Born in London, England, in 1922, Stephen Toulmin read physics at Cambridge and worked on radar in World War II. Returning to Cambridge, he read Philosophy during Ludwig Wittgenstein's last two years and published Reason in Ethics in 1949. Moving to Oxford, as University Lecturer in Philosophy of Science, he worked mainly in that field until the 1960s. Wittgenstein's skepticism led him to challenge the current reliance on "inductive logic" in philosophy of science: his book, The Uses of Argument (1958) generalized this challenge, emphasizing the "field dependence" of reasoning and seeing argumentation in all fields (Science, Law, Politics, Medicine and Ethics) as a practical activity.

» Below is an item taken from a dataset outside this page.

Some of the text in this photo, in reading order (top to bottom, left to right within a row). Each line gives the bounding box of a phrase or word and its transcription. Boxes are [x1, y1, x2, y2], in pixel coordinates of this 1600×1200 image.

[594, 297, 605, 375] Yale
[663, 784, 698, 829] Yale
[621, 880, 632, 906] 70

From then on, he explored the practices of reasoning, linking the theory of knowledge to the historical development of concepts and practices. During these years, he also wrote books on the History of Science: e.g. The Discovery of Time.

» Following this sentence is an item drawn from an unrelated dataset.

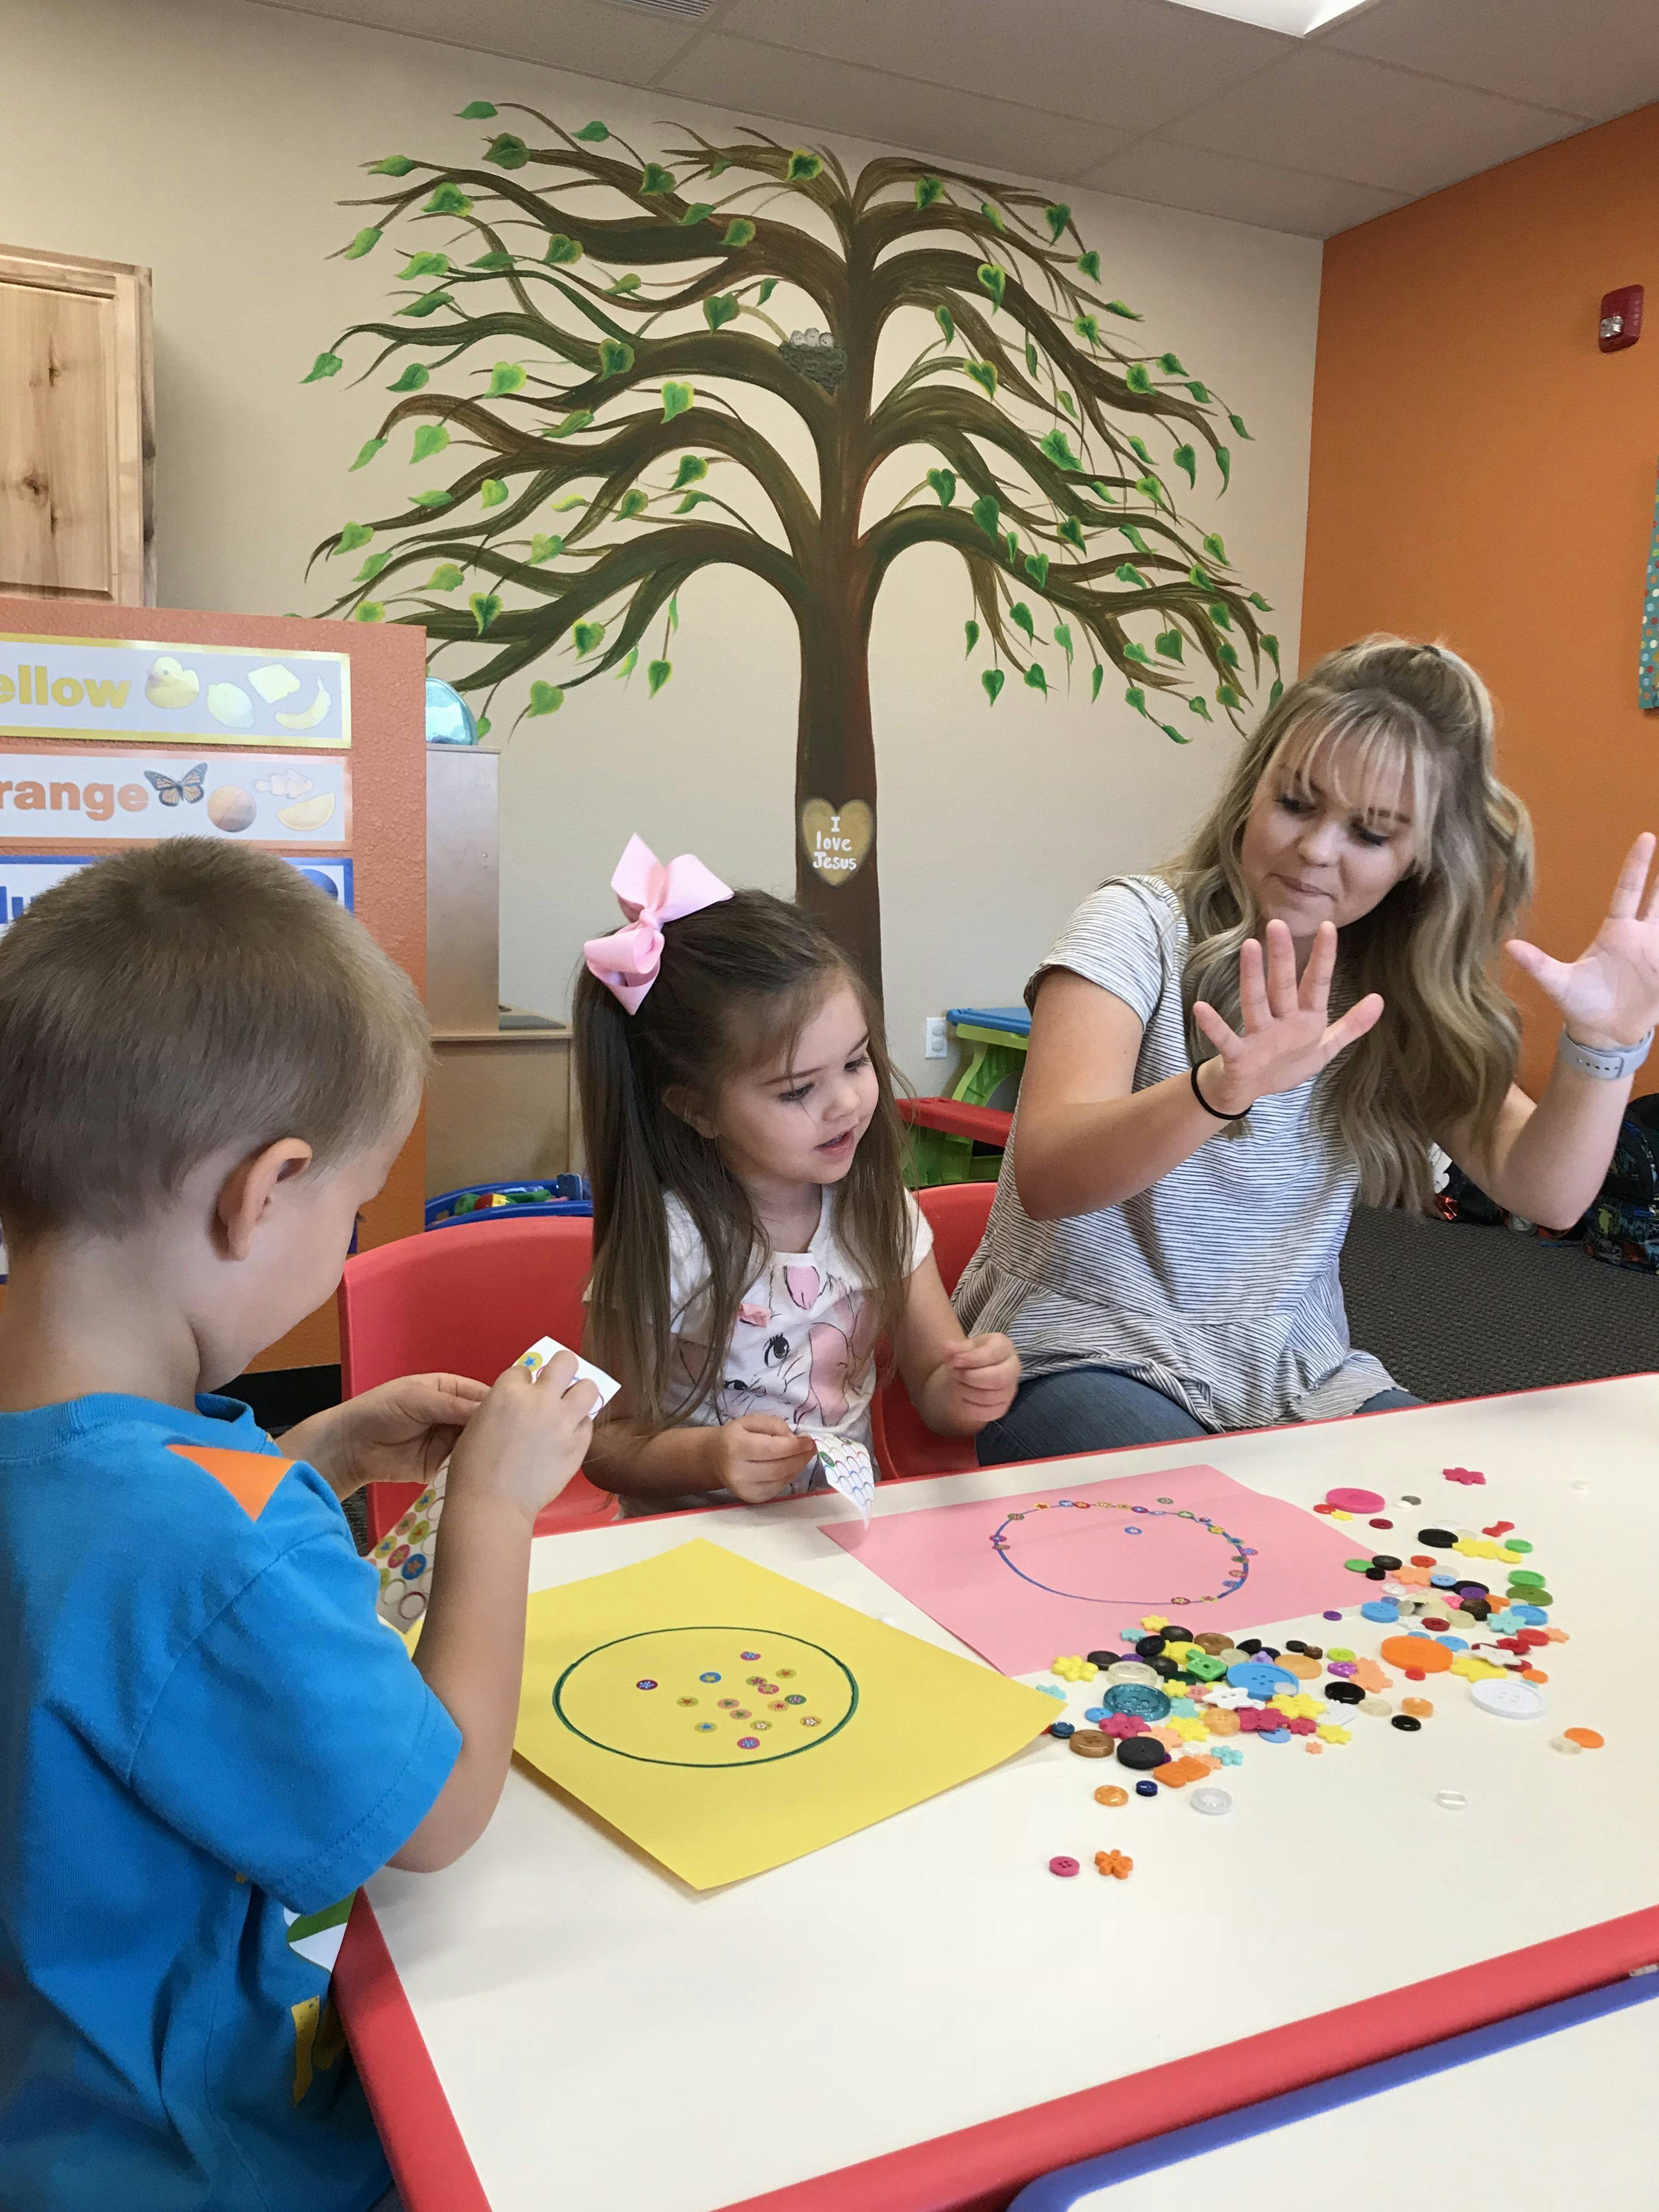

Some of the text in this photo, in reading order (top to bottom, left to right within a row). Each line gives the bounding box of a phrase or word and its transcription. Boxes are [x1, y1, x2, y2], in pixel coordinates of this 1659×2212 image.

[831, 816, 840, 832] I
[816, 830, 852, 851] love
[812, 851, 857, 870] Jesus

Since 1965, he has worked in the United States: chiefly in the University of Chicago Committee on Social Thought, from 1973 to 1986. There, he chiefly concentrated on Practical Reason, in Medicine and elsewhere, and on the historical evolution of the Humanities, exemplified in the 16th century tradition from Erasmus and Thomas More to Montaigne and Shakespeare. The contrast between the concrete particularity of 16th century Humanism and the abstract generality of the 17th century Exact Sciences was the heart of his reanalysis of "modernity" in Cosmopolis (1989). There, he mapped the rise of Exact Science in response to the broader crises of the 17th century -- e.g. the brutality of the Thirty Years War -- showing how the Westphalian settlement of 1648 imposed static ideals of Order on ideas about both Nature and of Society.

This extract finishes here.